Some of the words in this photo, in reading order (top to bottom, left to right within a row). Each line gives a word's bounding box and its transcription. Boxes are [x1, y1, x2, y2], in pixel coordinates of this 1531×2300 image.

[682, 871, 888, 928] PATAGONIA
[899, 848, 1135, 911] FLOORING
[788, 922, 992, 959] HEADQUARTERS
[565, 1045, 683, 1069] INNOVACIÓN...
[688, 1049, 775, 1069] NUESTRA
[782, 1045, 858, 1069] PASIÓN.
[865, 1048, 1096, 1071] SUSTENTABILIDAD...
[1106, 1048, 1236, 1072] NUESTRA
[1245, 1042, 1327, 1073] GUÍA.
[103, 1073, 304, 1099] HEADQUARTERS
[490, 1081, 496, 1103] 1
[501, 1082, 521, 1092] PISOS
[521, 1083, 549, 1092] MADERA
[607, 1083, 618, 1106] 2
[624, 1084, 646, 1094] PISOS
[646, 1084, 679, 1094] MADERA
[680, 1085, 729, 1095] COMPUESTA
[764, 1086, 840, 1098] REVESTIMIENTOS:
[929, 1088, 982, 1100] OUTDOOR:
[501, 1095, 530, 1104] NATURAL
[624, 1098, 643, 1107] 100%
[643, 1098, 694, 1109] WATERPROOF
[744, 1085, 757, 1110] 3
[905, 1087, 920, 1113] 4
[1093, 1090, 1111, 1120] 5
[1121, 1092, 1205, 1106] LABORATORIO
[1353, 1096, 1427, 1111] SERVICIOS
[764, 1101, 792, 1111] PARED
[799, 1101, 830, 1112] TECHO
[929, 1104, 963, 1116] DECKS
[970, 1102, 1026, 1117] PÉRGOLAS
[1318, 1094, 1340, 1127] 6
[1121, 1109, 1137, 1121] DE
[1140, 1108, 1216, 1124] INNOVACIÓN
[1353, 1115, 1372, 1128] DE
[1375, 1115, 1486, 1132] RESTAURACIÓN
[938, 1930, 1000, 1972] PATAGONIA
____
EXERCISE> Repeat the material in full. Nothing may differ.

YOUR SOLUTION>
Some of the words in this photo, in reading order (top to bottom, left to right within a row). Each line gives a word's bounding box and its transcription. Boxes are [x1, y1, x2, y2], in pixel coordinates of this 1531×2300 image.

[682, 871, 888, 928] PATAGONIA
[899, 848, 1135, 911] FLOORING
[788, 922, 992, 959] HEADQUARTERS
[565, 1045, 683, 1069] INNOVACIÓN...
[688, 1049, 775, 1069] NUESTRA
[782, 1045, 858, 1069] PASIÓN.
[865, 1048, 1096, 1071] SUSTENTABILIDAD...
[1106, 1048, 1236, 1072] NUESTRA
[1245, 1042, 1327, 1073] GUÍA.
[103, 1073, 304, 1099] HEADQUARTERS
[490, 1081, 496, 1103] 1
[501, 1082, 521, 1092] PISOS
[521, 1083, 549, 1092] MADERA
[607, 1083, 618, 1106] 2
[624, 1084, 646, 1094] PISOS
[646, 1084, 679, 1094] MADERA
[680, 1085, 729, 1095] COMPUESTA
[764, 1086, 840, 1098] REVESTIMIENTOS:
[929, 1088, 982, 1100] OUTDOOR:
[501, 1095, 530, 1104] NATURAL
[624, 1098, 643, 1107] 100%
[643, 1098, 694, 1109] WATERPROOF
[744, 1085, 757, 1110] 3
[905, 1087, 920, 1113] 4
[1093, 1090, 1111, 1120] 5
[1121, 1092, 1205, 1106] LABORATORIO
[1353, 1096, 1427, 1111] SERVICIOS
[764, 1101, 792, 1111] PARED
[799, 1101, 830, 1112] TECHO
[929, 1104, 963, 1116] DECKS
[970, 1102, 1026, 1117] PÉRGOLAS
[1318, 1094, 1340, 1127] 6
[1121, 1109, 1137, 1121] DE
[1140, 1108, 1216, 1124] INNOVACIÓN
[1353, 1115, 1372, 1128] DE
[1375, 1115, 1486, 1132] RESTAURACIÓN
[938, 1930, 1000, 1972] PATAGONIA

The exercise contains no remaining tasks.